Video Kinect

Last but not least is video Kinect. It’s awesome to see Kinect leverage the color camera for videoconferencing, if Microsoft hadn’t included something like this, they’d be missing a huge opportunity. It’s simple too, just launch the application, and you get a view of yourself which is cropped and panned to stay centered on your face, at the left are friends online. Your video stream will stay cropped around your face whenever you’re in the field of view. 

At first, you’re given the option to video chat with other Xbox Live friends, but you can also sign in with a Live Messenger account and video chat that way as well. I initially set out to try video Kinect just between two Kinects. If you can find a friend online, inviting them to a kinect video chat looks just like an Xbox Live party or game invite - video Kinect presents itself just like a game you want your friend to join.

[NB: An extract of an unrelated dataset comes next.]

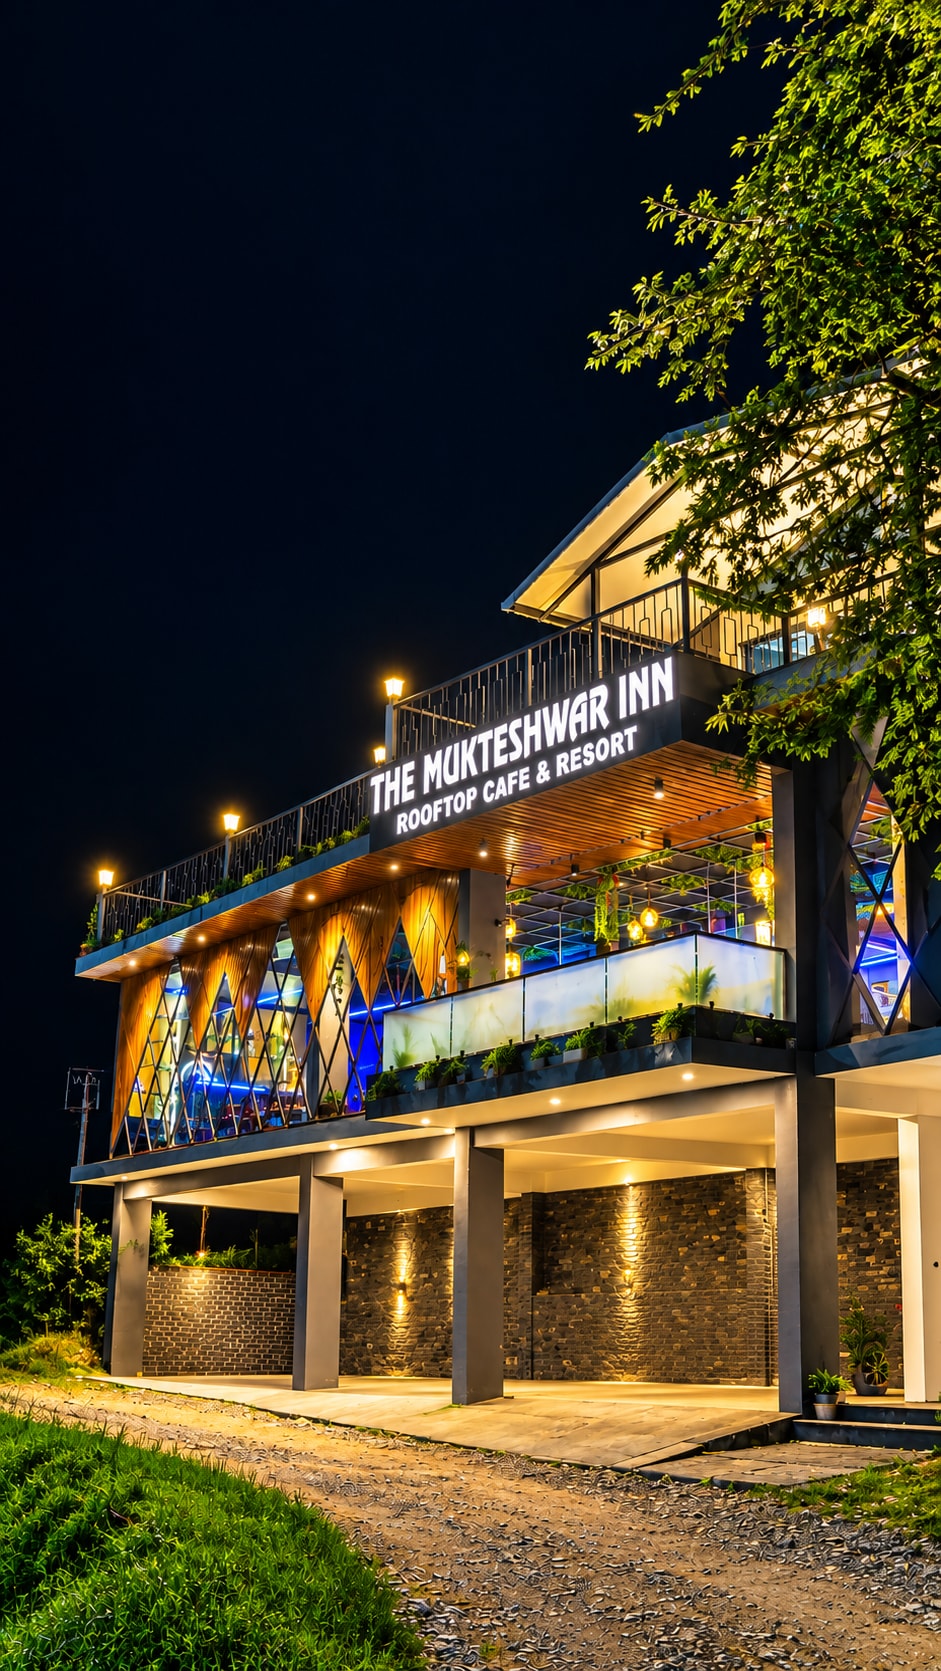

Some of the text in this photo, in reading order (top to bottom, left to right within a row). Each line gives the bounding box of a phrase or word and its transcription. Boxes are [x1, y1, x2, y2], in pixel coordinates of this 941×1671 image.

[369, 656, 674, 815] THE MUKTESHWAR INN
[396, 724, 639, 835] ROOFTOP CAFE & RESORT
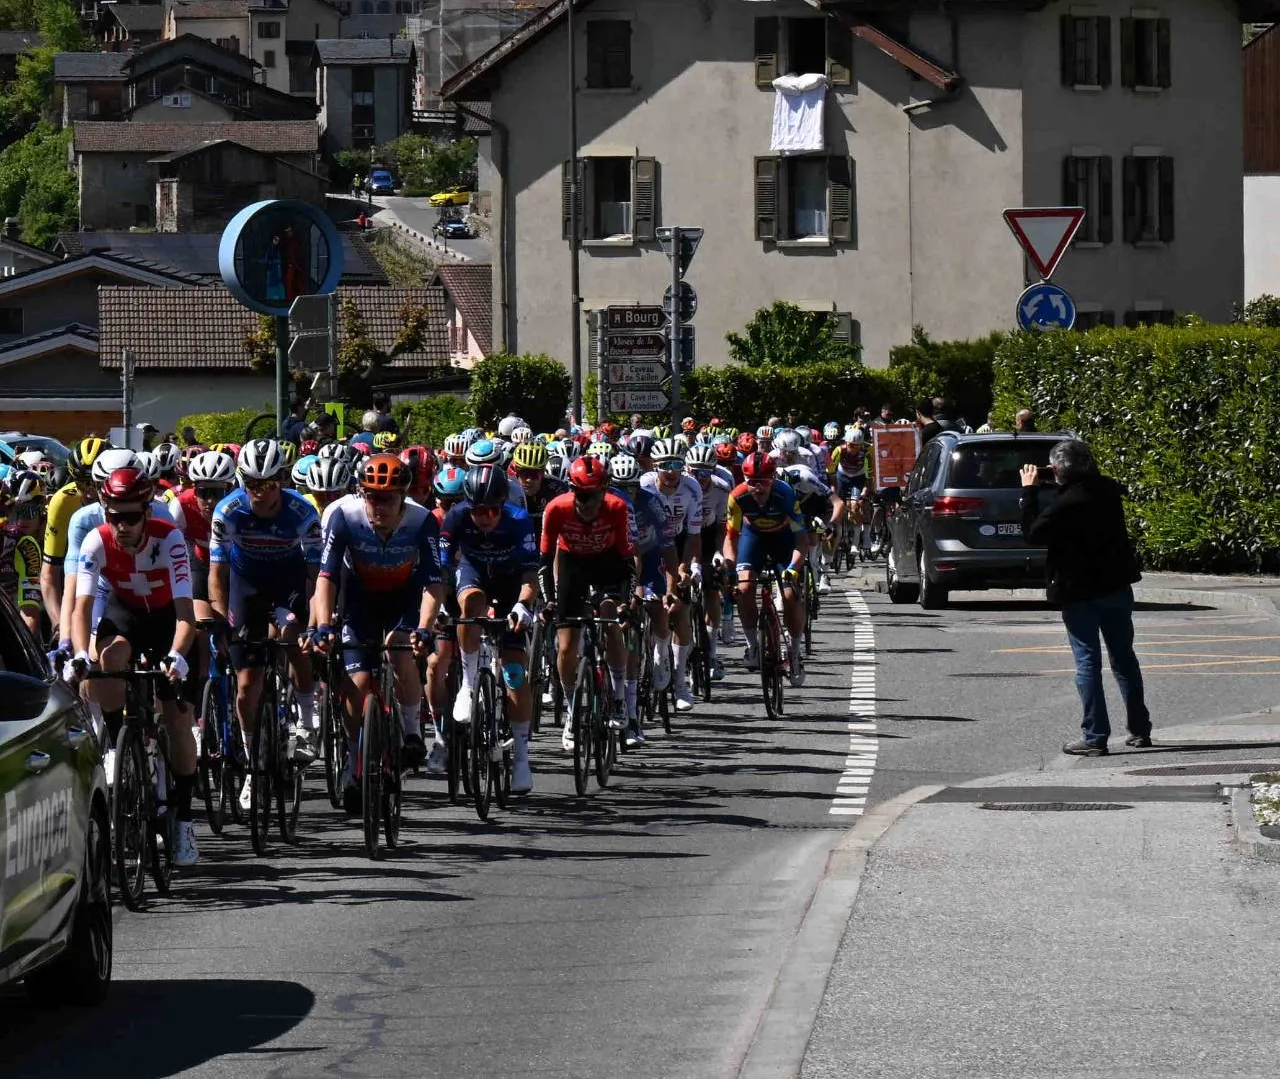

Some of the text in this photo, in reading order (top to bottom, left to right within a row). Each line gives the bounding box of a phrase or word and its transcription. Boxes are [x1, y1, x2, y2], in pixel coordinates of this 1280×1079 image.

I dialed up my friend Brayden, and we were almost successful initially. The problem was that he had no voice. In the bottom of his video window, the speaker was greyed out, and it said Audio Off. This was confusing as there’s no readily apparent way to mute or unmute audio inside of the video Kinect interface. The problem - that party audio chat setting I mentioned earlier.

If you set this to off, you won’t get audio here, and you’ll inevitably spend lots of time scratching your head as to why. It’s confusing too - I don’t want to use the Kinect for party chat, I want to use my wireless headset. At the same time, I want to use Kinect for audio when video chatting.

Regardless, after we got it working the experience was pretty seamless. Video Kinect uses about 600 kilobits/s of bandwidth both ways, which isn’t a lot. There are come compression artifacts in the remote client’s video, but nothing out of the ordinary. My biggest complaint about video chat is that the color camera in Kinect really doesn’t seem impressive here. 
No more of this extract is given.